#### Exercise data:
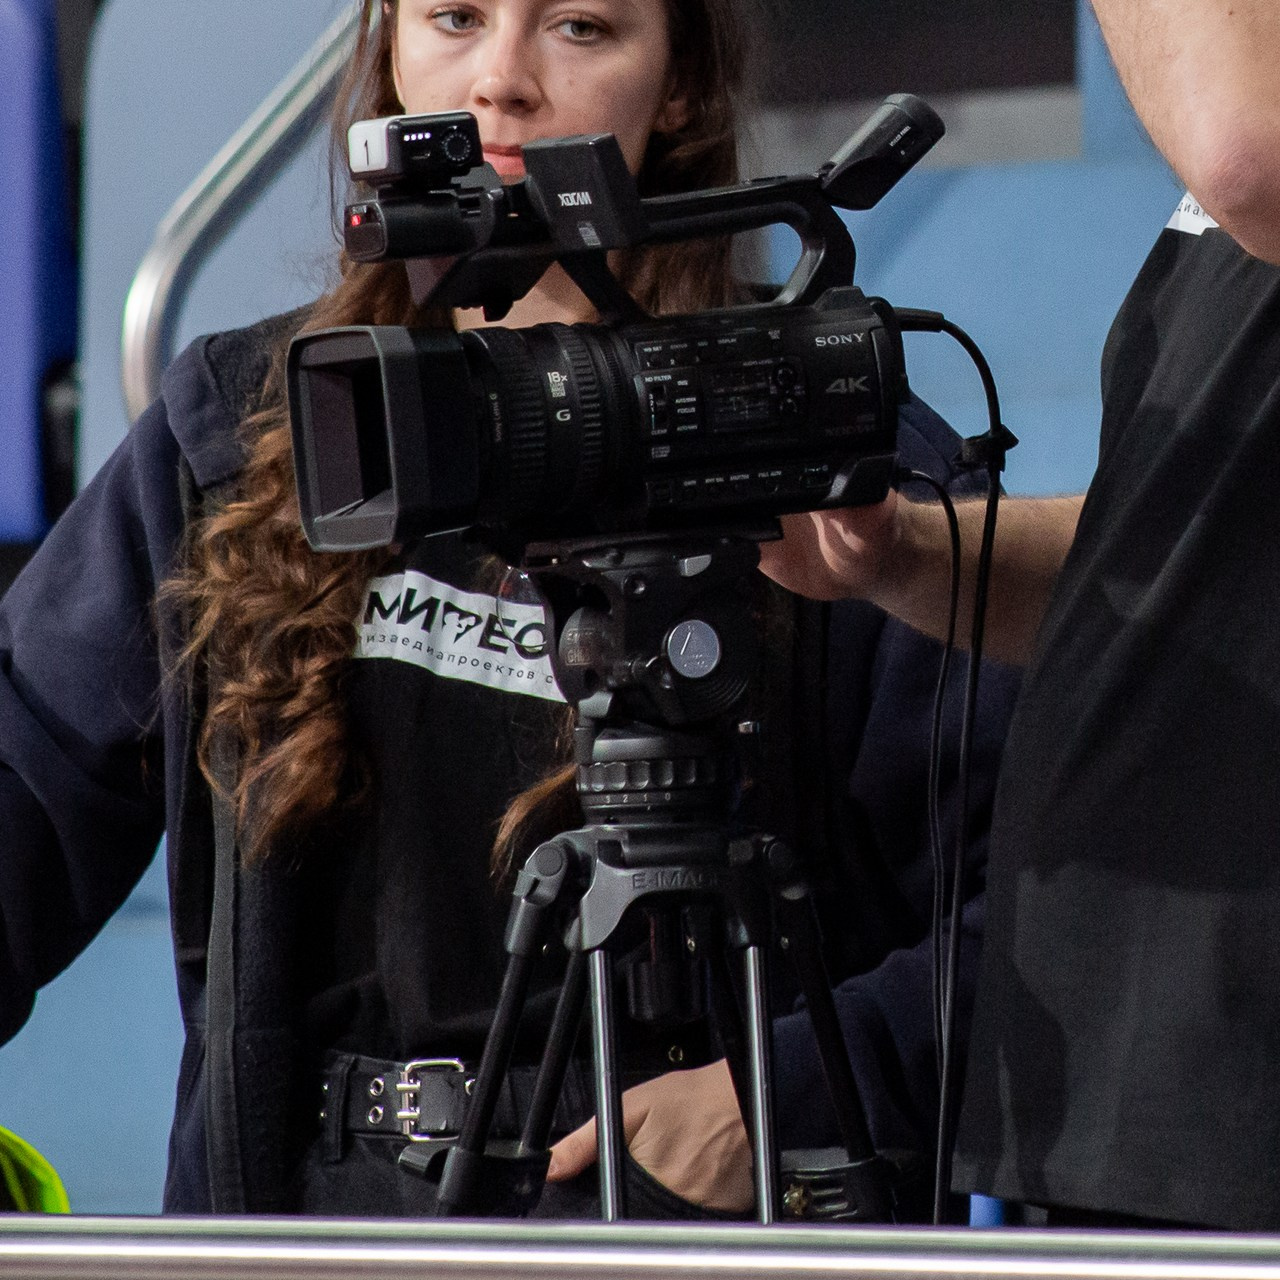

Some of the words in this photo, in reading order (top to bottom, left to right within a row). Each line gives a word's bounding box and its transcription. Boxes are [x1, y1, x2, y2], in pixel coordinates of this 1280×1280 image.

[815, 332, 865, 347] SONY
[547, 371, 568, 383] 18x
[825, 375, 870, 395] 4K
[556, 409, 571, 422] G
[622, 794, 629, 803] 2
[664, 792, 671, 801] 0
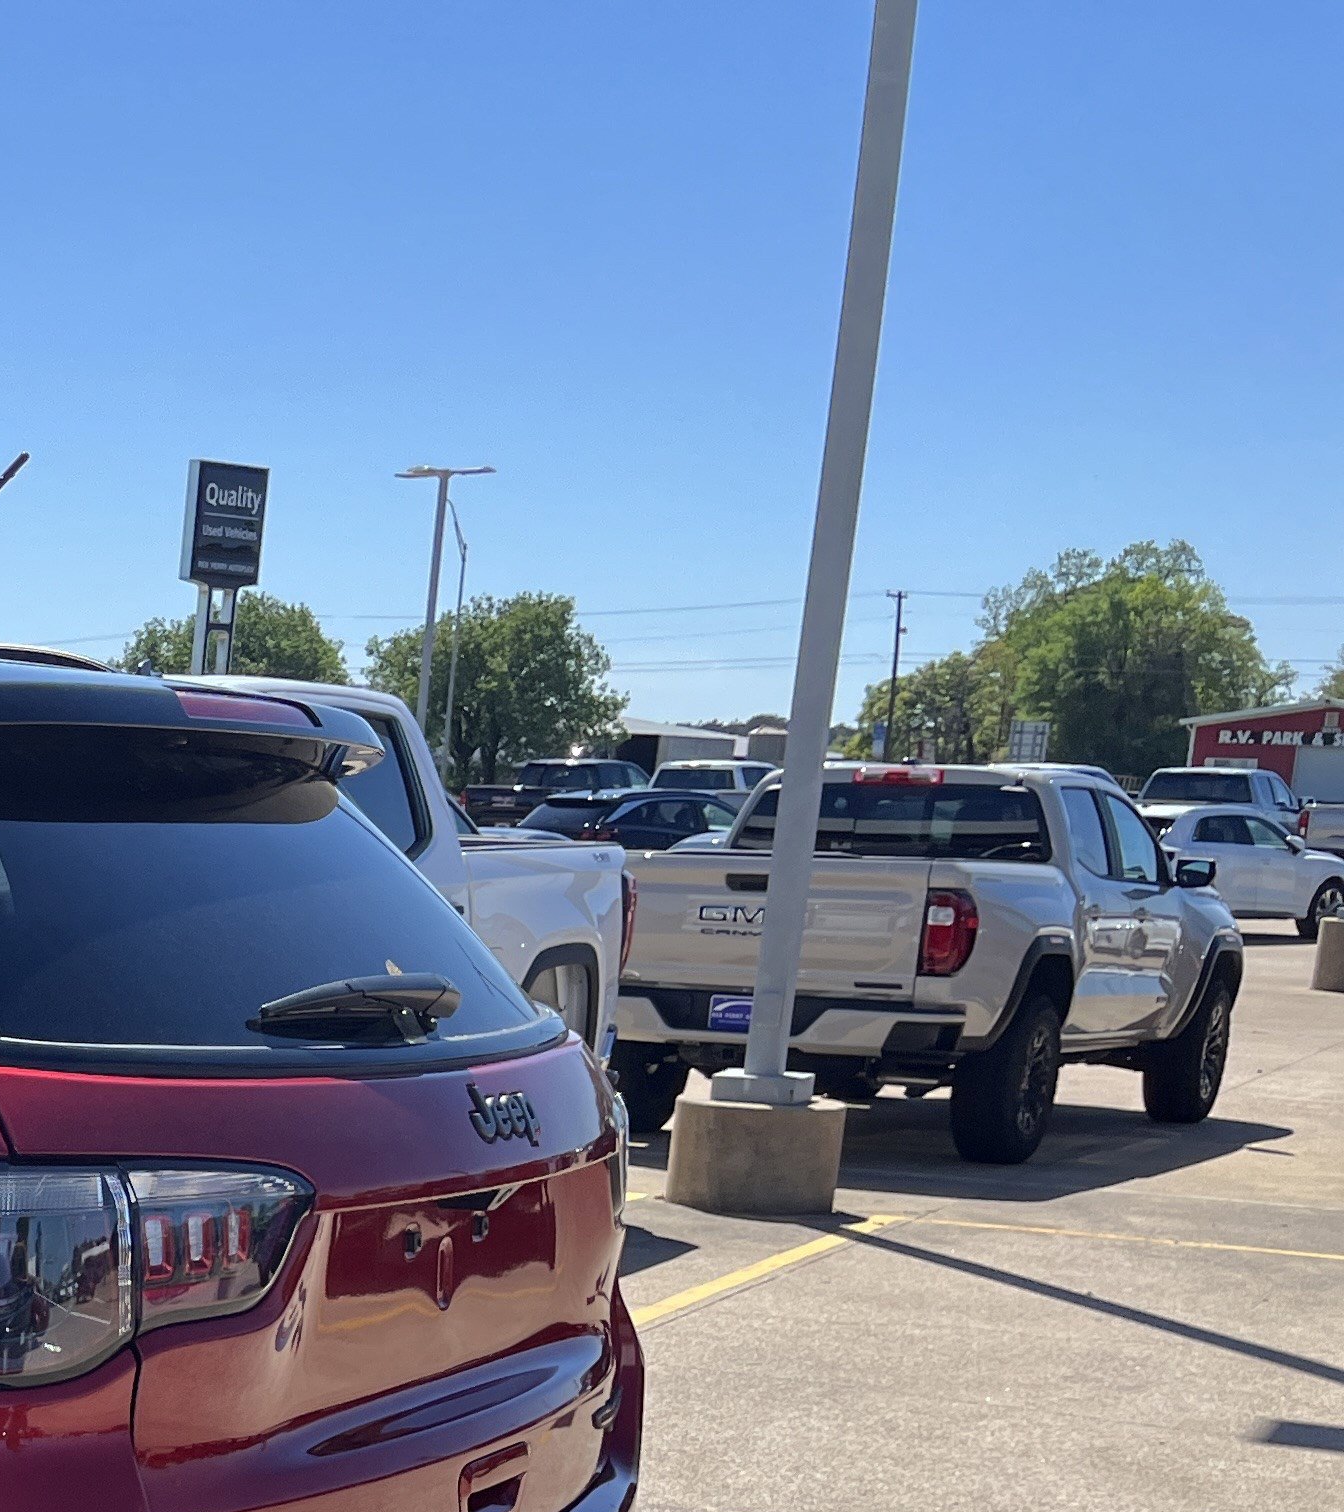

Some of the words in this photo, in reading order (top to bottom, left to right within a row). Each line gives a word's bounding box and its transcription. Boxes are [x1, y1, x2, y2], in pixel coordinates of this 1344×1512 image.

[205, 482, 262, 515] Quality
[1218, 729, 1255, 744] R.V.
[1262, 730, 1304, 746] PARK
[1312, 731, 1324, 747] &
[699, 905, 765, 924] GM
[465, 1081, 541, 1148] Jeep

#### Work instruction:
Nothing but the lines from the one containing "this 1344×1512 image." to the end of the records above should appear, each copied exactly.

#### Task solution:
Some of the words in this photo, in reading order (top to bottom, left to right within a row). Each line gives a word's bounding box and its transcription. Boxes are [x1, y1, x2, y2], in pixel coordinates of this 1344×1512 image.

[205, 482, 262, 515] Quality
[1218, 729, 1255, 744] R.V.
[1262, 730, 1304, 746] PARK
[1312, 731, 1324, 747] &
[699, 905, 765, 924] GM
[465, 1081, 541, 1148] Jeep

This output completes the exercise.